I was once in the book business. One day a chap came in and asked if I could order some academic books, academic books were supplied at a very small mark-up so the other bookshop in town had told him to get lost. I took his order and we talked about the subject a bit, he then produced a long list of general market books that he wanted and most were in stock. He would come back most Saturdays, five minutes before closing but I would stay open to allow him to spend at least £30 (1973). When I go to a bike shop I imagine myself as him with his attitude.


----------



## glenn forger (11 Mar 2013)

eck said:


> Aye, I remember them. I worked in Norwich in the mid 80s, and used the late Ted Henderson's shop when I could, he was a really nice guy.
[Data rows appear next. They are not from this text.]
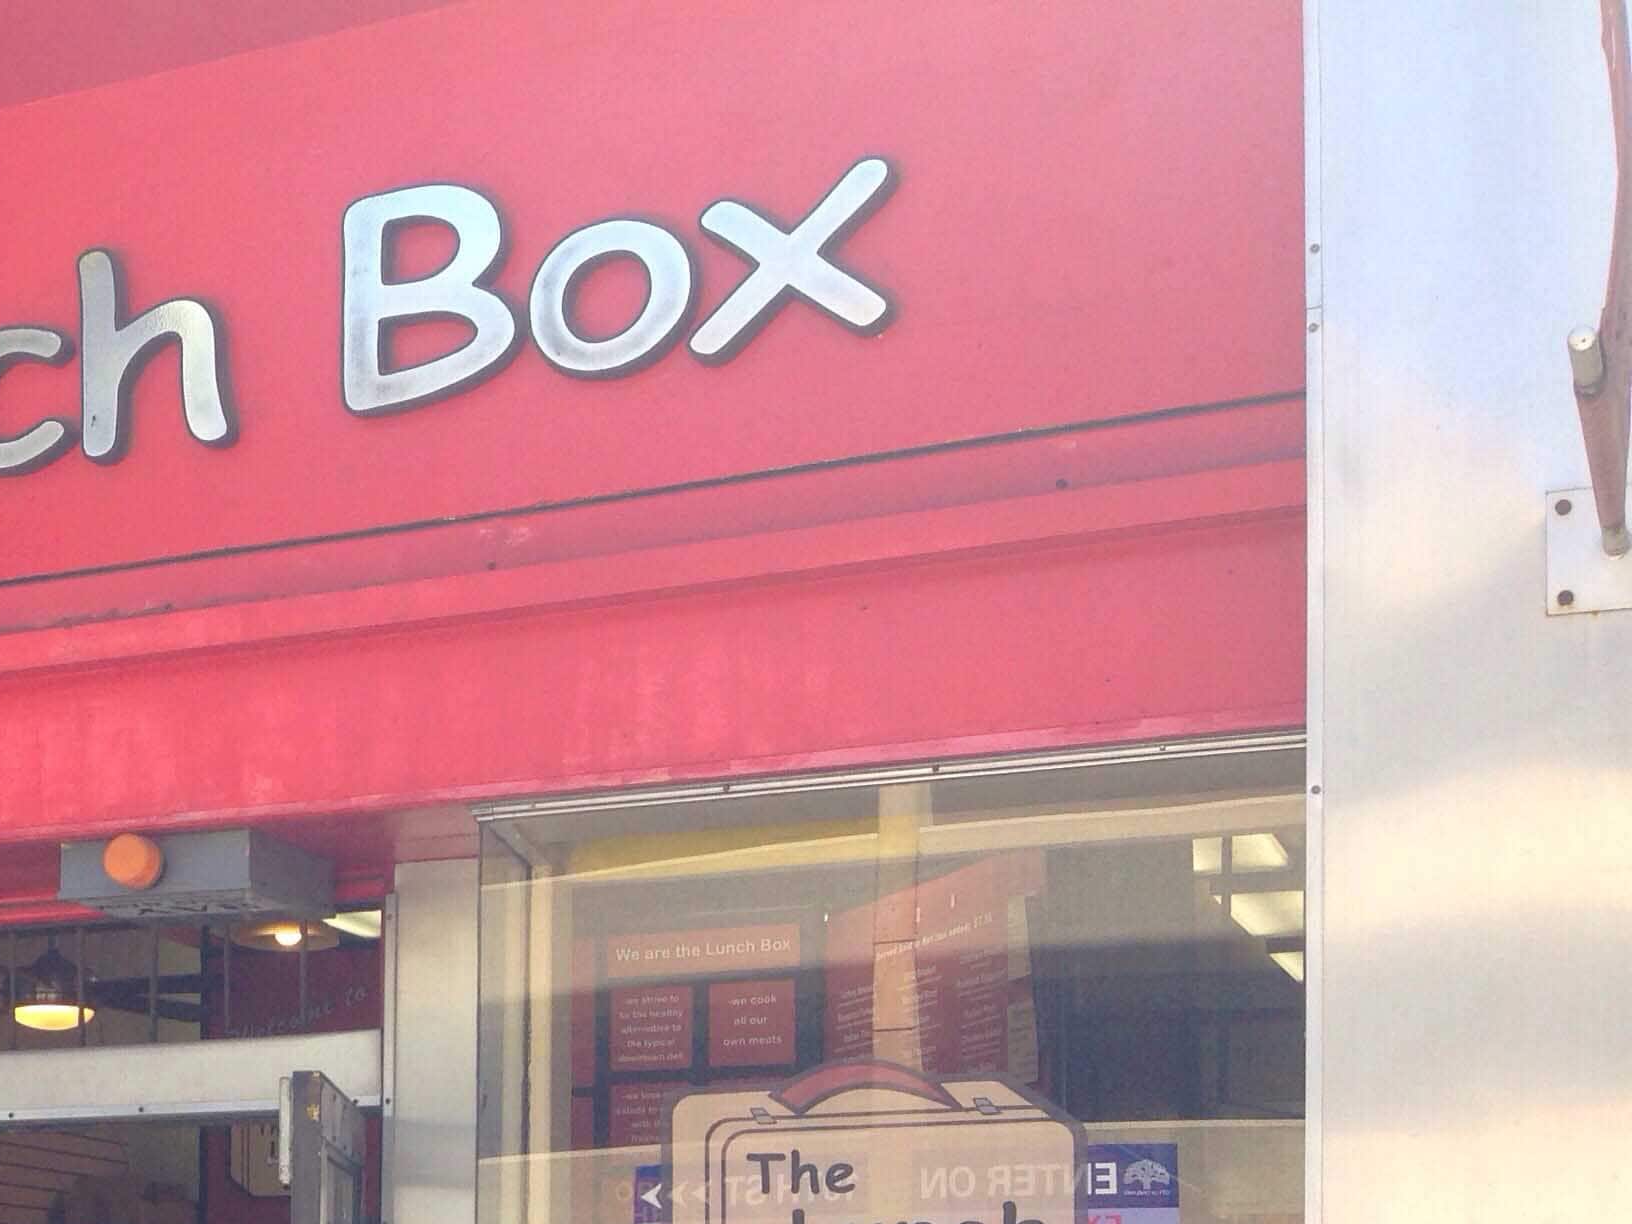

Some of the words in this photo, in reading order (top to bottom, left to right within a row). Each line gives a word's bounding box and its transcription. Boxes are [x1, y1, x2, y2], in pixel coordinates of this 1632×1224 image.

[340, 157, 895, 416] Box
[616, 948, 640, 961] We
[644, 948, 670, 960] are
[675, 944, 700, 958] the
[705, 940, 755, 956] Lunch
[760, 938, 792, 952] Box
[750, 993, 777, 1005] cook
[749, 1016, 769, 1026] our
[723, 1037, 746, 1047] own
[746, 1149, 856, 1194] The
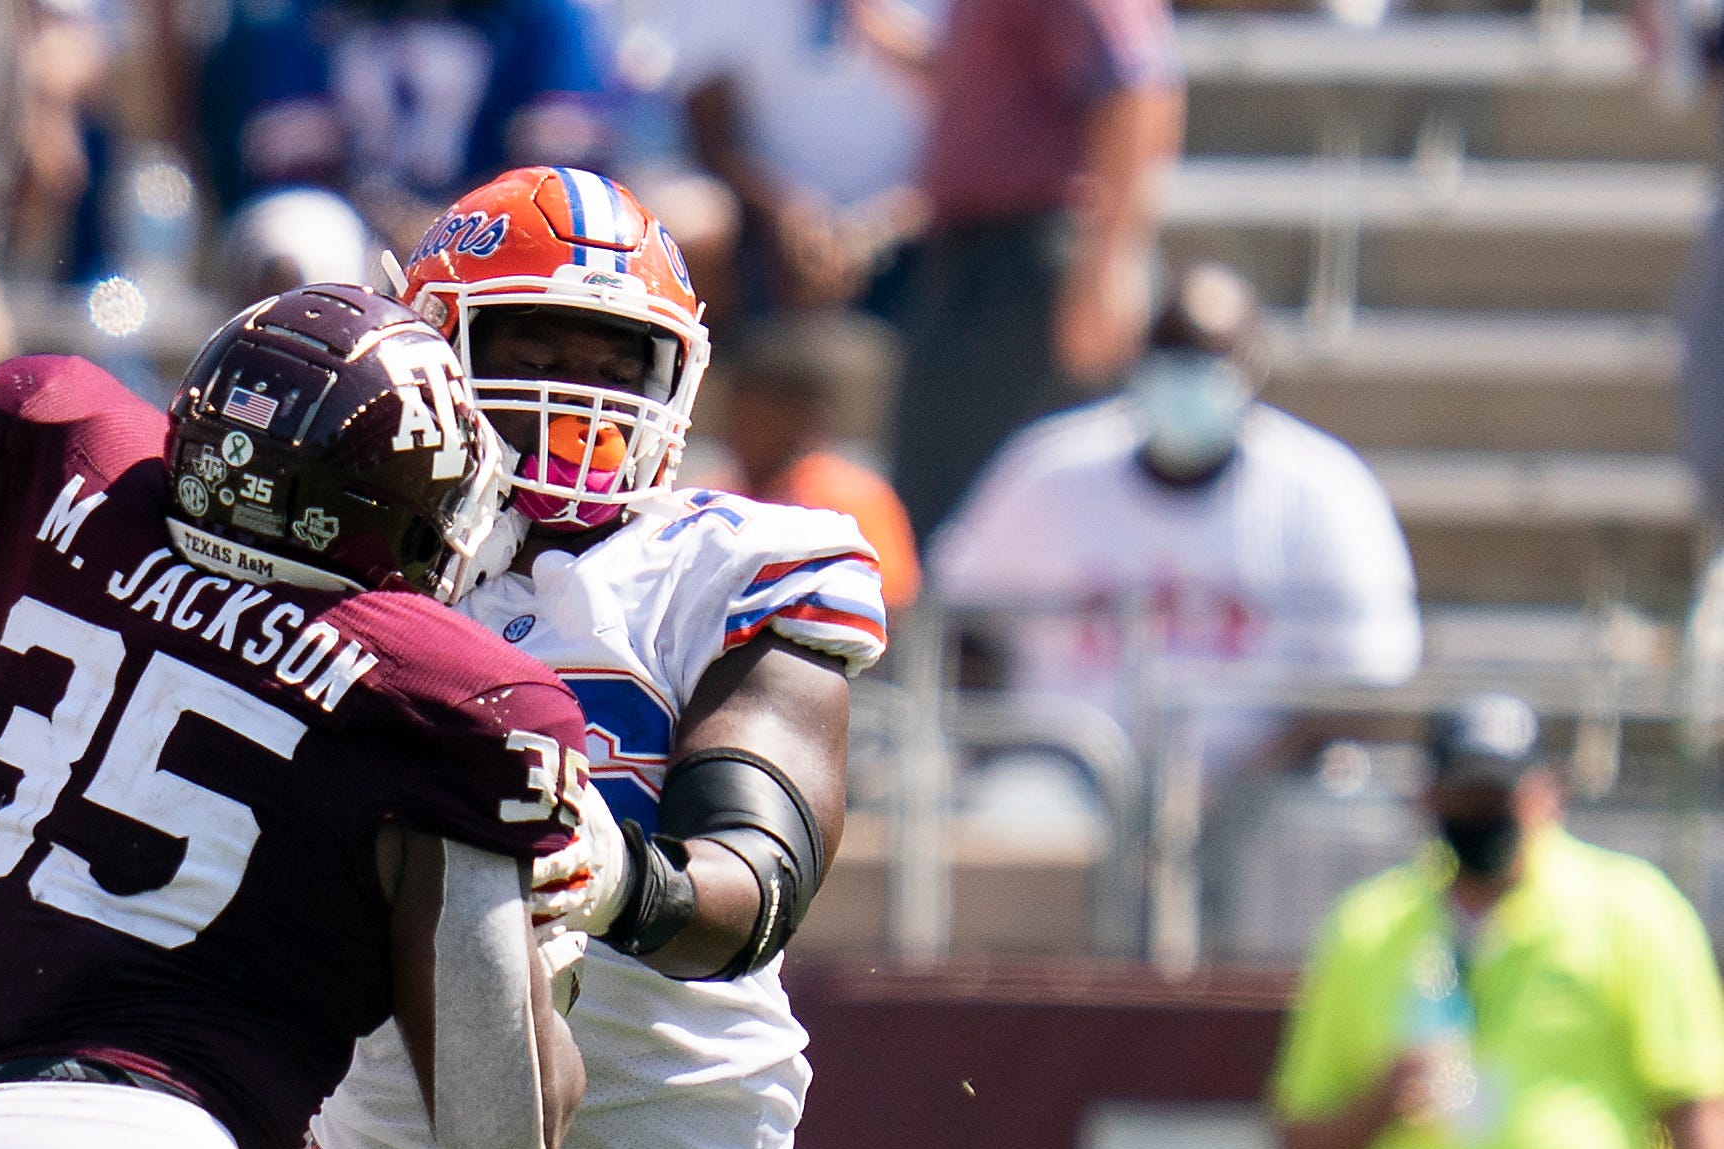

The son in the St Benedict's shop was ok though.


 
Cycled to Greece on a Peugeot Savoie I bought there, 1988.


----------



## Peteaud (11 Mar 2013)

tadpole said:


> King's


 
Dont use them myself.

Ralph coleman has always been good, and gives some good discounts.


----------



## tadpole (12 Mar 2013)

Peteaud said:


> Dont use them myself.
> 
> Ralph coleman has always been good, and gives some good discounts.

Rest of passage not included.